What D23 tells us about the future of Disney

Hannah Bickom, Arts & Entertainment Editor

On September 9-11, Disney held its biennial convention where the company announced all of the upcoming projects which they have planned for 2023. The convention also served as a way for Disney to get fans excited about the future of the Walt Disney Company and its projects.

Some of the corporate conglomerate’s biggest announcements were those made by the Marvel franchise. This year, Disney gave special looks into their upcoming projects, including “Black Panther: Wakanda Forever,” “Ant-Man: Quantumania,” “Echo,” “Ironheart,” “Daredevil: Born Again,” “Captain America: New World Order,” and the second season of the popular show “Loki.” All of the stories except for “Echo” and “Ironheart” are continuations of past stories introduced earlier in the Marvel franchise in some way. “Ant-Man: Quantumania,” and “Daredevil: Born Again” are particularly exciting because of the popularity of each title’s respective titular characters. It seems Marvel, as always, has a lot to offer in terms of interesting storylines and compelling characters.

Several Lucasfilm projects were also announced. Firstly, both “The Mandalorian” and “The Bad Batch” gave first looks into their new seasons. A preview for the “Rogue One” prequel “Andor” was shown, only a few weeks before it was released on Disney+. Lucasfilm also announced two non-Star Wars projects: “Indiana Jones 5” and “Willow.” I was a bit skeptical when I heard there would be another Indiana Jones movie, considering both the negative reception of the franchise’s most recent addition and Lucasfilm’s recently acquired reputation for poorly written sequels, but hopefully what they create will be better than what I am expecting. “Willow” is a remake of a 1988 fantasy adventure film that Lucasfilm also produced. As of now, none of the current Lucasfilm projects contain stories that aren’t based in some way on a past project, which was a trend seen throughout the D23 convention.

In fact, the majority of the announcements surrounded the rehashing of beloved classics from T.V. and cinema. Besides the Lucasfilm projects, all of the company’s live-action projects are remakes or sequels. Some make sense, such as the “Snow White” and “The Little Mermaid” remakes, which align with the company’s recent move towards making classic Disney movies more “realistic” to varying degrees of success. However, some of these projects seem a bit random, including an “Enchanted” (2007) sequel, a “The Santa Clause” (1994) T.V. show, and a “National Treasure” (2004) T.V. show. I’m sorry, but did anyone ask for this? I loved “Enchanted” as a kid, but that movie is older than some of the students here at Mepham, and the other two movies are even older than that. And the originals, especially “National Treasure” and “The Santa Clause,” are so well known and iconic that it feels silly to do anything other than leave these movies as they are, lest we damage their reputation through mediocre remakes and spin-offs.
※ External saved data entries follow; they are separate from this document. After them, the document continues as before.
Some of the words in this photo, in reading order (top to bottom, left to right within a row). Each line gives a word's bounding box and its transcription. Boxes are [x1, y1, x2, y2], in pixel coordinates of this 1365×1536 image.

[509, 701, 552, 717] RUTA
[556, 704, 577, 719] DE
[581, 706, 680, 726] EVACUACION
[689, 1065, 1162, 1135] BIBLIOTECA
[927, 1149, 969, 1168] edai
While I don’t agree with most of the remakes Disney has pumped out recently, these three in particular feel like poor attempts at money grabs. It seems that the company is focusing a lot more on rehashing old material rather than creating original stories for the sake of profits, which is a tad disappointing. Disney has always been depicted as the land of magic and creativity, but recently “Disney magic” has mostly consisted of watered-down classics repackaged and regurgitated back to consumers who are guaranteed to hand over their money for the sake of “nostalgia.”

However, there are two re-interpretations of past material which are promising. For example, “Zootopia+,” a TV show which focuses on the lives of characters within the world of “Zootopia,” is an amazing opportunity to expand on the imaginative world built in the original movie. I am also hopeful about “Percy Jackson and the Olympians,” and while this may partially be because the original movies were infamously horrible and you can’t fall much farther than the floor, the choice to hire a younger cast more aligned with the age of the characters in the book is enough to boost my confidence in the project. 

There were also several original projects announced and previewed by Disney, the vast majority of them Disney+ animations or Pixar productions. The most anticipated of these seem to be “Wish,” an animated musical exploring the origins of the star that beloved Disney characters have wished upon, and “Elemental,” a Pixar animation about a world where different elements are represented as people. Both of these movies have inventive premises, and I’m excited to see what the artists behind these movies do with these concepts. Other interesting projects which you should look out for in the next few years include “Iwájú” and Pixar’s “Elio.” While not too much information about these movies has been released, I am excited to see what comes of them in the future.

Overall, Disney’s announcements unfortunately aligned with the recent trend of unneeded remakes and sequels. However, there is still hope to be had for the future of the company. I think the animation sector of Disney is once again becoming the heart of its creativity and magic like it was when it created the classics which are now being reproduced as lifeless “live-action” movies.